[TASK INPUTS]
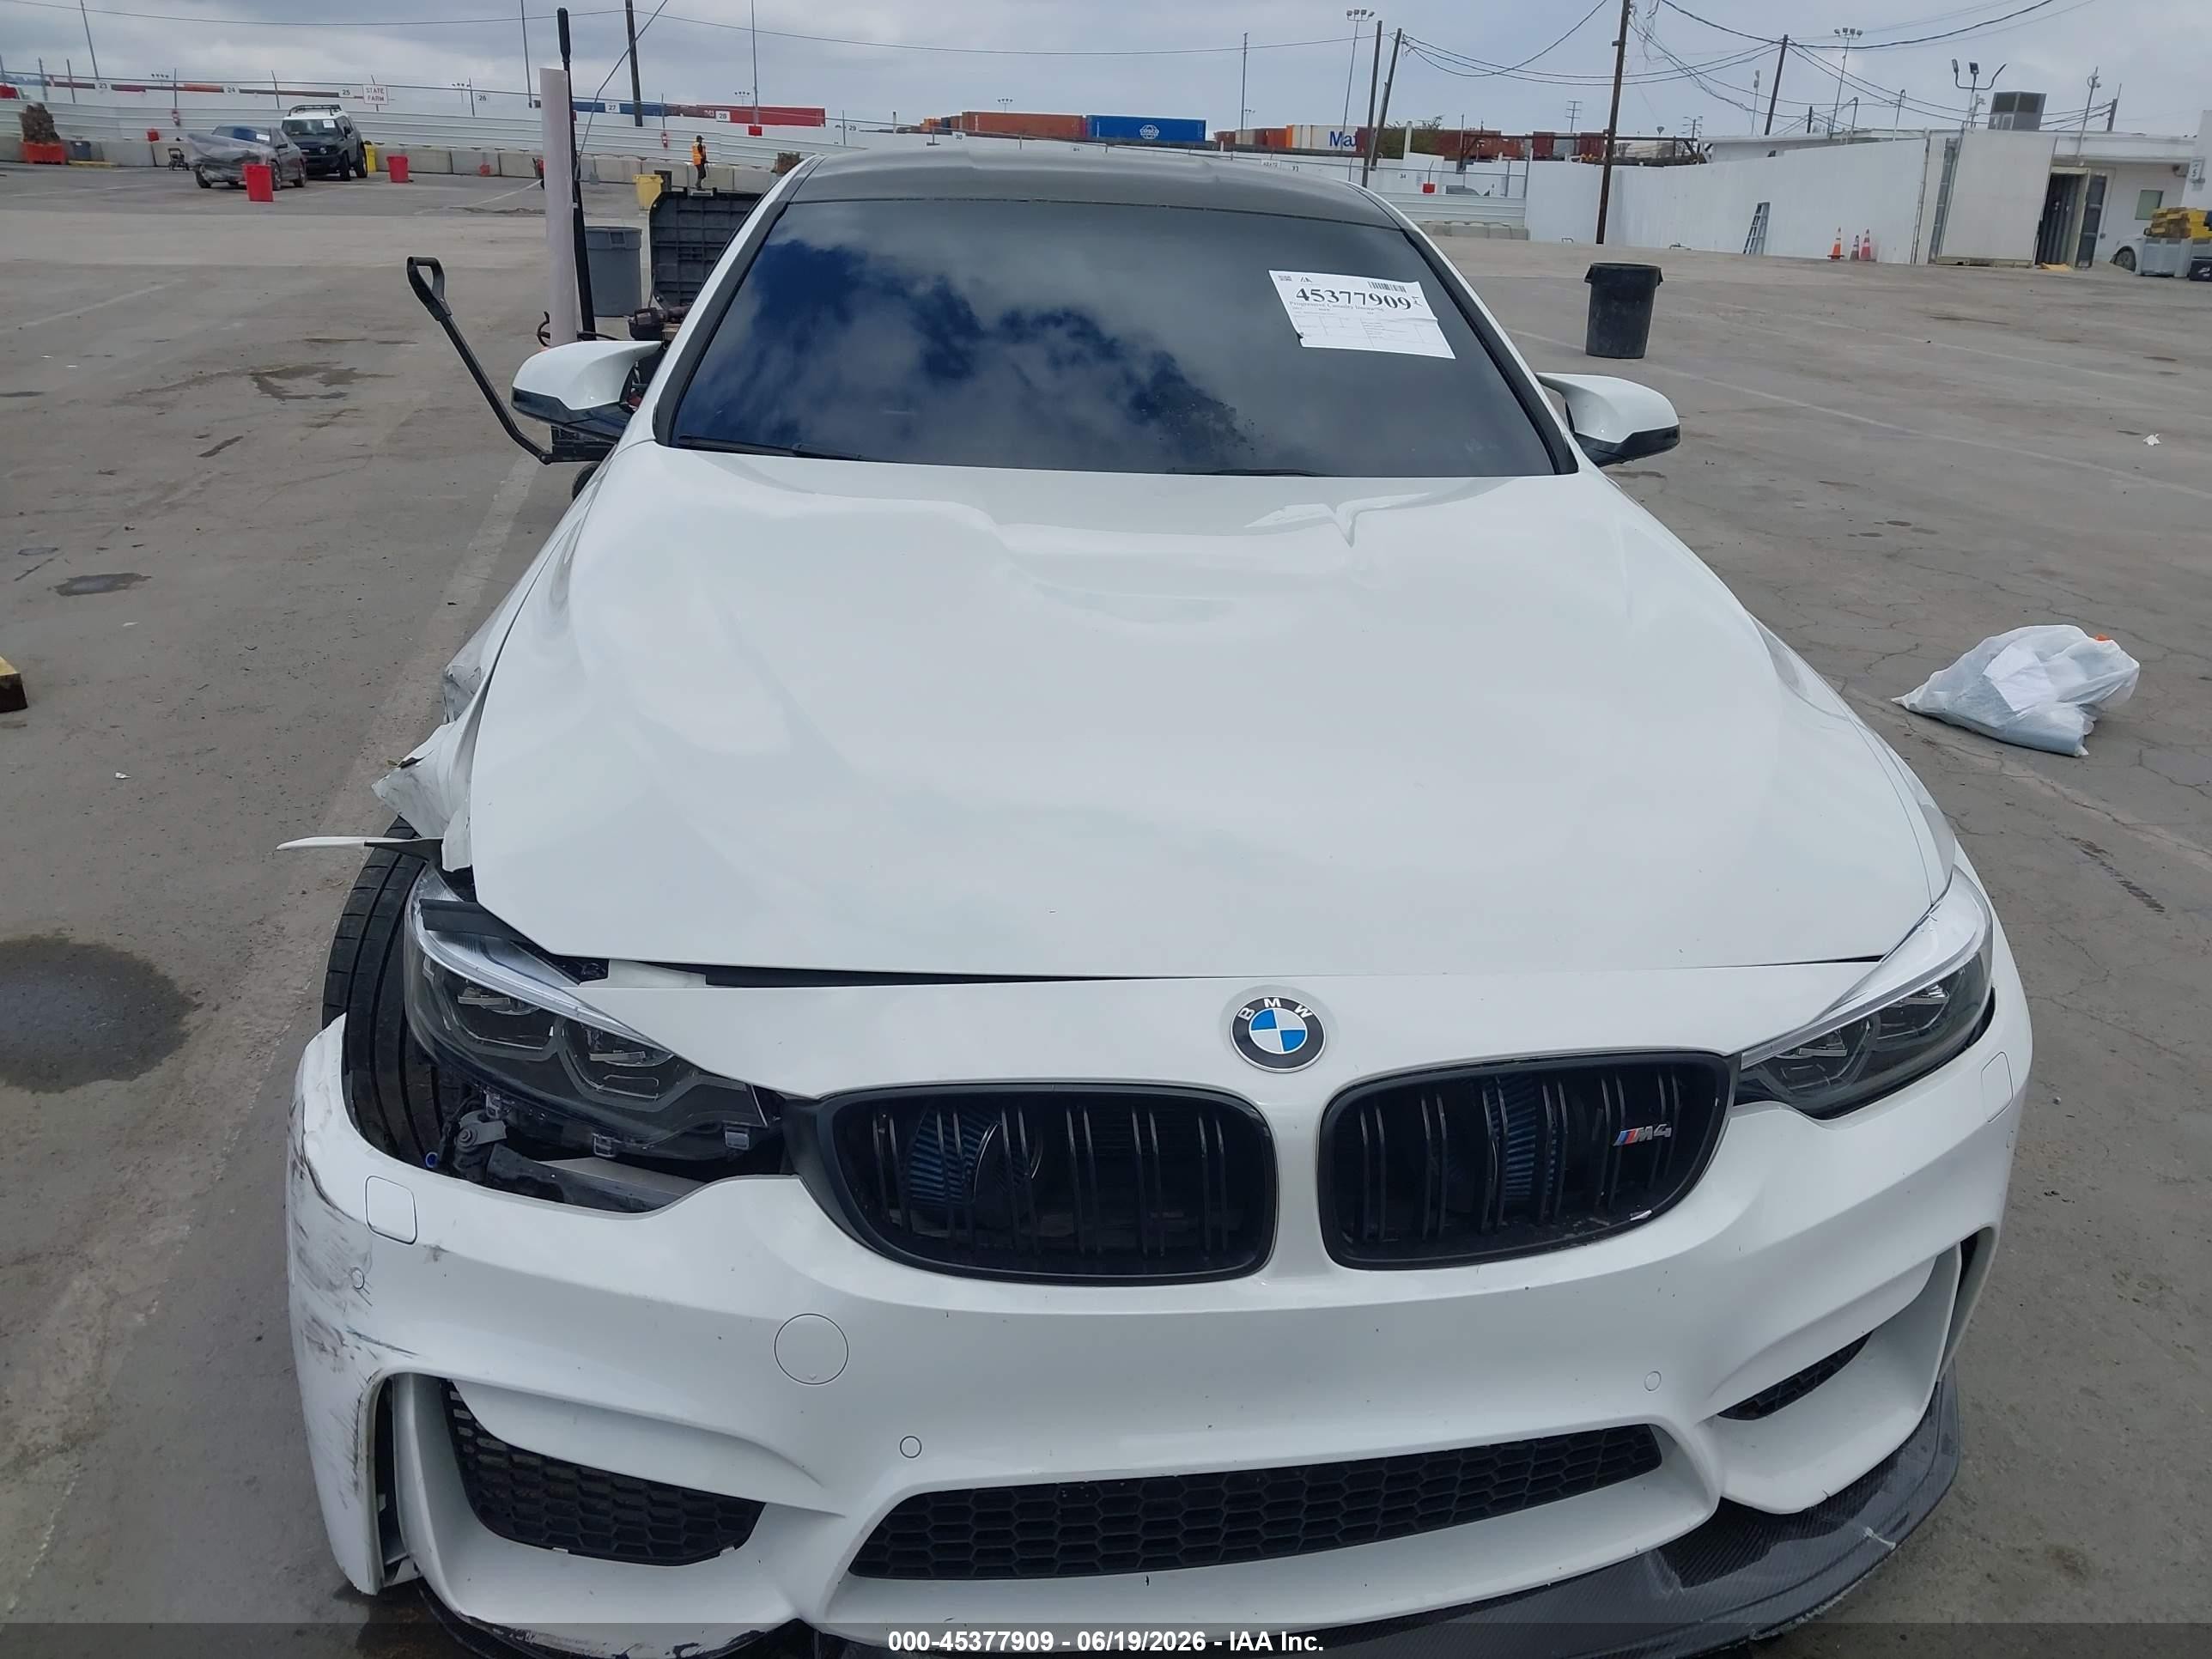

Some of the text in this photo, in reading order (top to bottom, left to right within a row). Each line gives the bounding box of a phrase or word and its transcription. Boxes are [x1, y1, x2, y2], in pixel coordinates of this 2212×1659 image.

[1295, 288, 1411, 310] 45377909
[1237, 998, 1313, 1021] BMW
[1632, 1123, 1672, 1143] M4
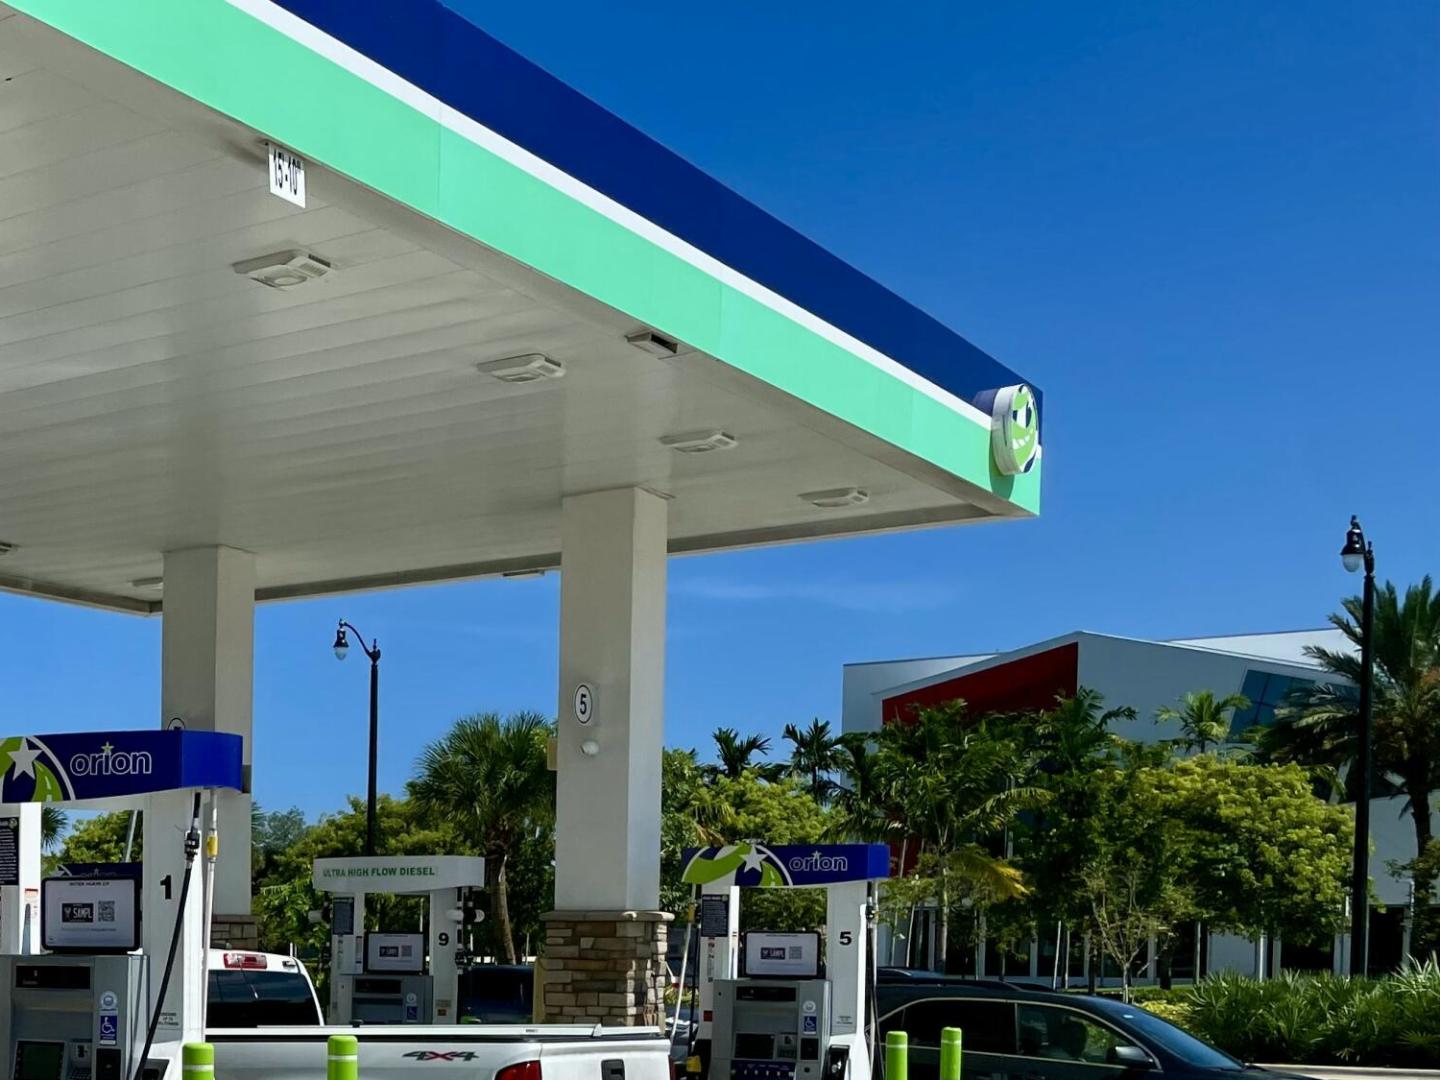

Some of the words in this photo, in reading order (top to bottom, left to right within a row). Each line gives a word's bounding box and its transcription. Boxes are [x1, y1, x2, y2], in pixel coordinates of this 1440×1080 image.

[WORK INSTRUCTION]
Your copy should match the entries above exactly and contain no pictures.

[SOLUTION TO THIS TASK]
Some of the text in this photo, in reading order (top to bottom, left to right within a row). Each line gives the bounding box of a phrase or word and its transcription. Boxes are [x1, y1, x2, y2], in pixel coordinates of this 2212×1659 image.

[1295, 288, 1411, 310] 45377909
[1237, 998, 1313, 1021] BMW
[1632, 1123, 1672, 1143] M4

Some of the words in this photo, in reading order (top to bottom, left to right within a row). Each line gives a word's bounding box and its transcription. Boxes are [x1, y1, x2, y2], in pixel coordinates of this 1440×1080 image.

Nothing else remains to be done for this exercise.